しかしこの男はこの世の邪悪を集めた、人ではない何か恐ろしい怪物ではないかと思えるほどに、恐ろしさを孕んでいた。背筋がゾクリと震え、盛助の頬に冷や汗が伝う。なんだというのだ、この威圧感は。
「君が東方盛助か」
「っ、はいッス…」
ドス黒い闇を孕んだような、なんとも表現しがたい声、それでいて艶めいていてその低さが心地よいとも言える、抗いたくとも抗いがたい、そんな声に呼ばれ、思わず背筋がピンと伸びる。この人は、完成された、いわゆる完璧な人間なのではないだろうか、そう錯覚してしまうほどに非の打ち所がない。
鮮血のように鮮やかな赤眼が盛助を捉える。助けてもらった、その筈なのに、捕らえられた、そして逃げることは許されない、そんな感覚に陥るのは何故なのだろう。
「わたしの名はDIO…。君の話を是非聞きたいんだが、いいかね?」
「……俺の、スタンドのこと、ですか」
DIO…どこかで聞いたことのあるような名前だ。知らないのに知っている。そんな不思議な感覚を覚えながらも、彼に対する緊張が喉を乾かす。紡がれた言葉は情けないことに掠れていた。盛助の問いかけに、DIOはふふふ、と妖しく笑う。

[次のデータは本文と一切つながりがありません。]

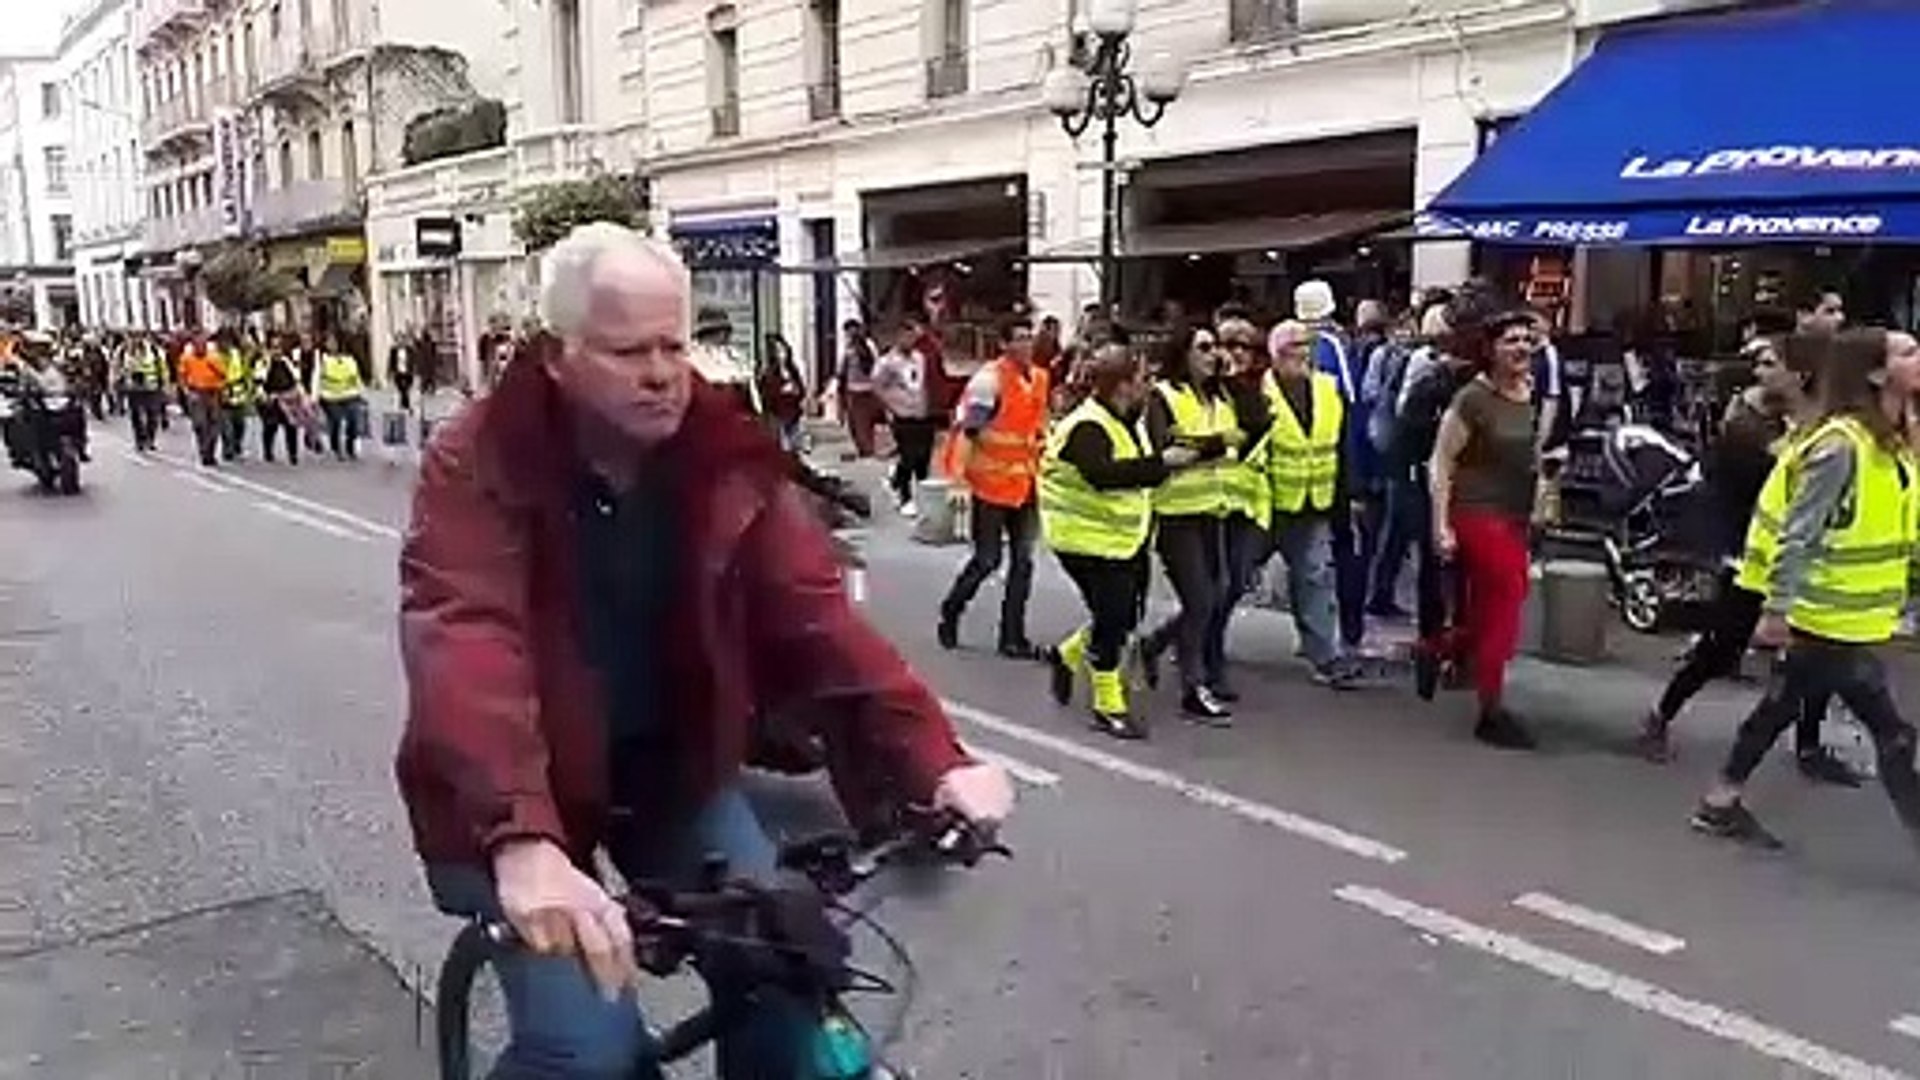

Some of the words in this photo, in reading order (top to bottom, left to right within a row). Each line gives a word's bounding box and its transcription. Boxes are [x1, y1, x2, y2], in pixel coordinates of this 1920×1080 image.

「それも含めて、色々とな。聞きたいのだ、10年も先の未来の話が」
さぁ、と埃っぽいソファに座るよう促され、そこへ吸い込まれるようにストンと腰を下ろす。向かいのソファへどかりと腰を下ろし、優雅に足を組んでこちらを見据えるDIOの視線に、思わず唾を飲み込んだ。無意識に逃げ場を探して動かした縋るような視線が、入口の方、テレンスへと向けられたが、そこにはもうテレンスの姿はなく、すでにDIOが目配せをしてこの部屋から立ち去っていたようだった。
視線をそろそろとDIOへと戻すと、そこには妖艶に笑う姿。言葉にされずともわかる。彼は早く話してほしい、そう思っている。そしてそう気長ではないだろう。
じわじわと心を侵食して来る恐怖が、自分を完全に飲み込んでしまう前に、その前に彼の求める話をしなければ。
「お、れも…スタンドについて詳しく?なったのは、その…最近なんで、アレなんすけど…」
「構わん。そのきっかけは何だったのだ?」
前のめりに腰を下ろしていたDIOが、背もたれへともたれかかる。その分いくらかは彼からの威圧感が消え、内心ホッと息をつく。
「俺の住んでる町に、空条承太郎って人が来て…」
「…ほぅ?それで?」
「じょう…あー、えっと、その空条さんて人のおじいさんが実は父親で、遺産がどうのって話だったんスけど、そのじいさんもスタンド使いで、俺らのこと念写?してみたら俺ら以外のスタンドらしき影が出たから気をつけろって言われて、そっから色々と巻き込まれ…いや、俺は避けてるんで、双子の兄だけの話ではあるんですけど」
「そのじいさんと言うのは、ジョセフ・ジョースターか?」
「そんで……っえ?よくわかりましたね」
それでは次は自分のスタンドの話をわかる限り、とし出そうとした時だった。DIOは盛助へと質問を投げかけて来た。名前を当てるゲームをしていたわけでもない。ましてやその父親は承太郎や盛助とも苗字が異なるし、確かアメリカ人だった。それをピタリと当ててみせたのだ。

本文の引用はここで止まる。